Paul reisde naar het oosten van het land, naar het Akagerapark. Hij zag er nijlpaarden en krokodillen, zebra's, waterbucks, impala's en topi's. Voor de kenners zat een visarend als een wit vlekje in een wolfsmelkboom.
De gids was een vermoeiende mens van goede wil. Regelmatig vatte hij als een schoolmeester samen wat ze al hadden gezien. Twee wilde varkens, hamervogels, buffels, veel bavianen. Hij toonde ook wat er niet was en verwachtte van Paul daarover meer blijheid. Er kwamen zebra's in beeld, Paul vernam de draagtijd van die beesten. Een povere giraf leek wel opgezet.

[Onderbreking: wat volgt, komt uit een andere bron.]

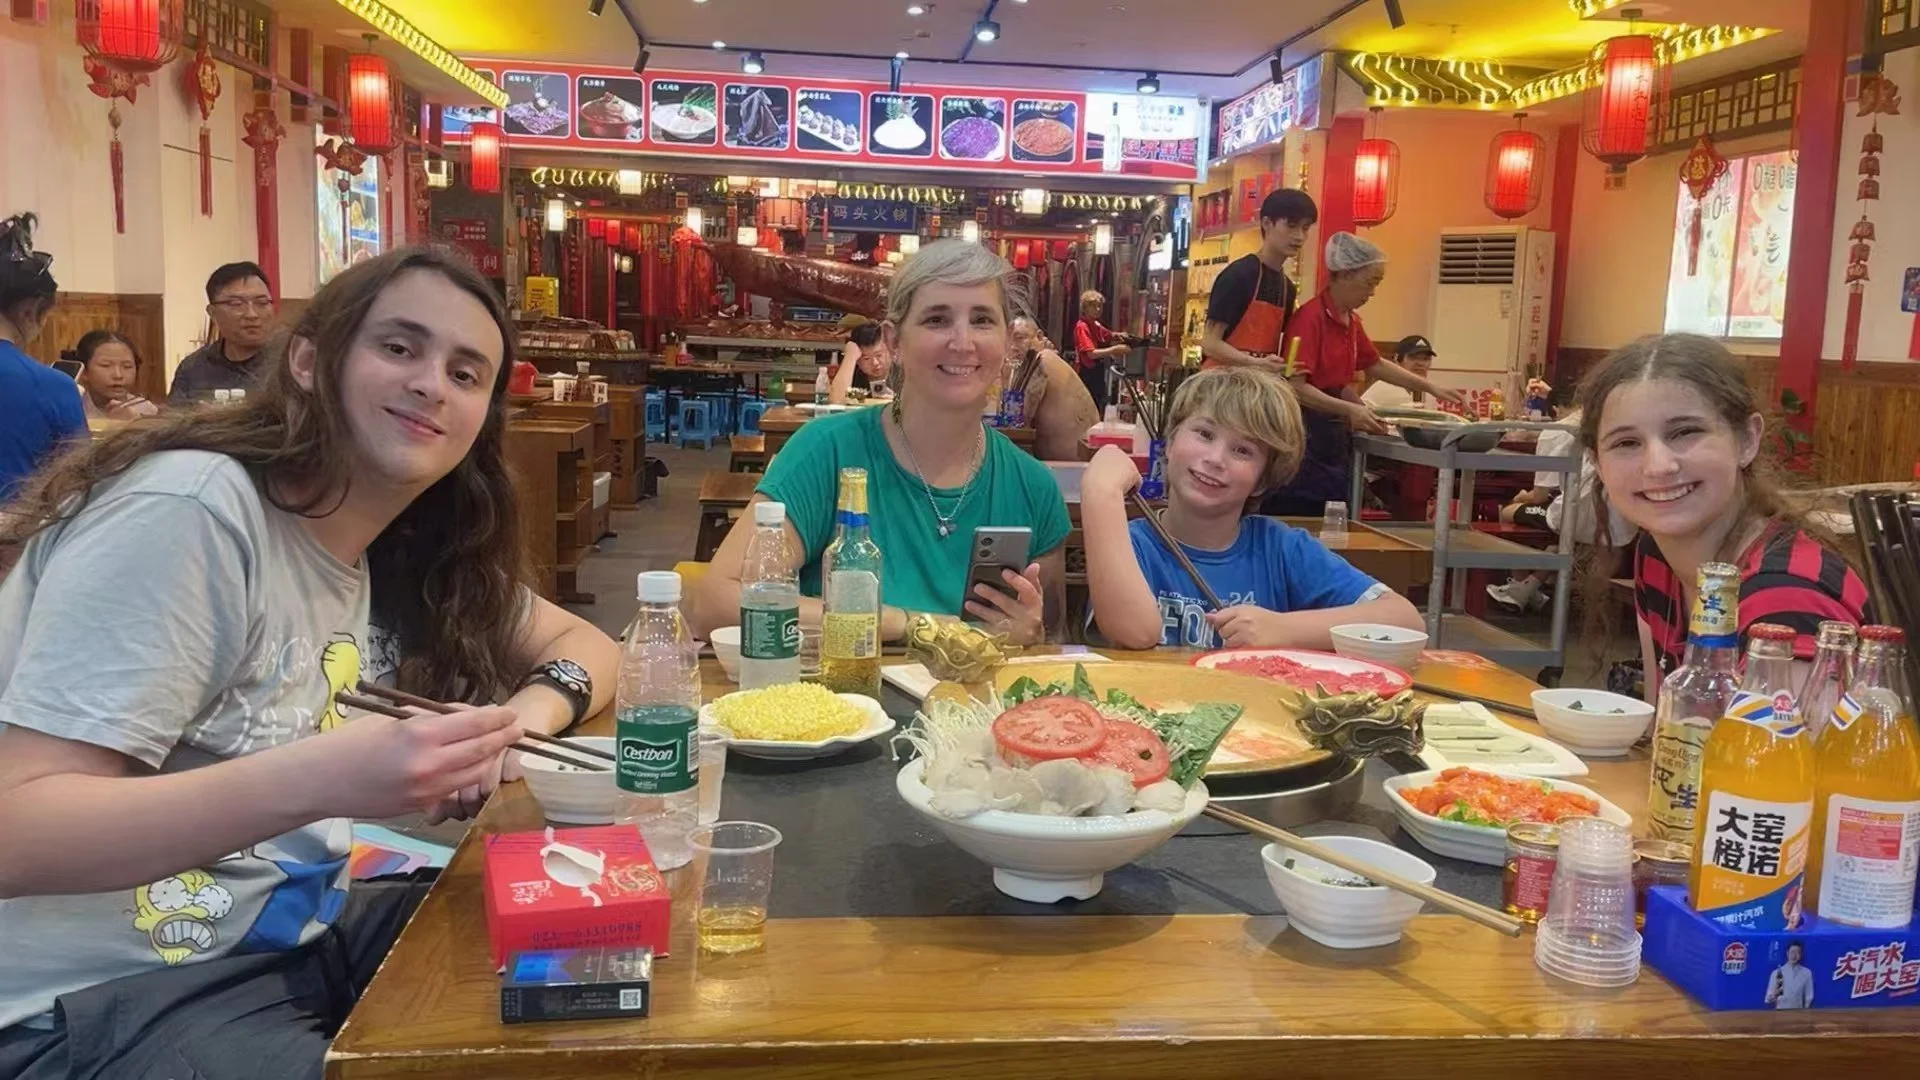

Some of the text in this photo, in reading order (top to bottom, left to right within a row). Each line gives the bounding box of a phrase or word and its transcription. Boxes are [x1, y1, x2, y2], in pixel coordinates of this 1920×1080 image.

[832, 204, 908, 222] 码头火锅
[623, 745, 674, 761] Cestbon
[1716, 806, 1786, 845] 大窑
[1712, 836, 1780, 876] 橙诺
[1836, 944, 1902, 976] 大汽水
[1854, 963, 1920, 995] 喝大窑

Aan de noordkant verlieten ze het wildpark en reden over een rode pisteweg door de savanne. Plots werd het groene landschap opgedeeld in weiden. ‘Nieuwbouw’, zei de gids misprijzend. ‘Hier zitten die inwijkelingen, éleveurs uit Angola. In 1997 werd dit park, dat ooit nog gesticht was door de Belgische koning Albert I, met twee derden verkleind, van 2.500 km2, naar ruim 1.000 km2.’
Interessant.
Paul en de gids reden voorbij de nieuwe huisjes met daken van zinken golfplaten. Soms stond er nog een primitieve ronde hut naast. Die hadden
| |
| |
de vluchtelingen eerst gebouwd toen ze toekwamen en vaak sliepen ze er nog in omdat het er koeler was.
Langs de weg dook nu overal Ankolavee op.
Met grote liervormige hoornen.
Hier en daar liepen tussen het vee enkele impala's. Paul bewonderde de herders, leunend op hun stok. Deze herders koloniseerden nu de savanne met hun koeien.
Paul begroette de herder. ‘Mwirime’, zei hij.
‘Mwirime’, antwoordde de herder verrast. ‘Amakuru?’ vroeg de herder nog.
‘Amakuru meza’, antwoordde Paul en hij had daarmee de helft van zijn Kinyarwandakennis benut. Paul legde zijn hand op de koeienschoft. Hij bewonderde de rust, een rilling trok over de dierenflank. Het was vee in zijn zuiverste vorm: rijkdom, resultaat van honderden jaren gericht fokken. Hun uiers: zakken vol goud. Hun knieën als gebedstrommels. De koeien hadden de glijdende, zwevende gratie van jonge meisjes en oude mannen. Ze waren mager en juist, kenden amper hun eigen schoonheid, maar als ze huilden, dan scheurde hun geschreeuw de wereld vaneen. Kunnen we onszelf ook zien als een rustig dier, werkend, grazend, denkend?
In de schaduw van een stierenkop op de rode grond zag Paul de tekening van de mandjes in de gang van zijn Brusselse huis: corne de taureaux prêts au combat.
Verderop stonden nog drie naakte mannen zich uitbundig te wassen, schaterend met zeep in de savanne. Ze zwaaiden naar Paul.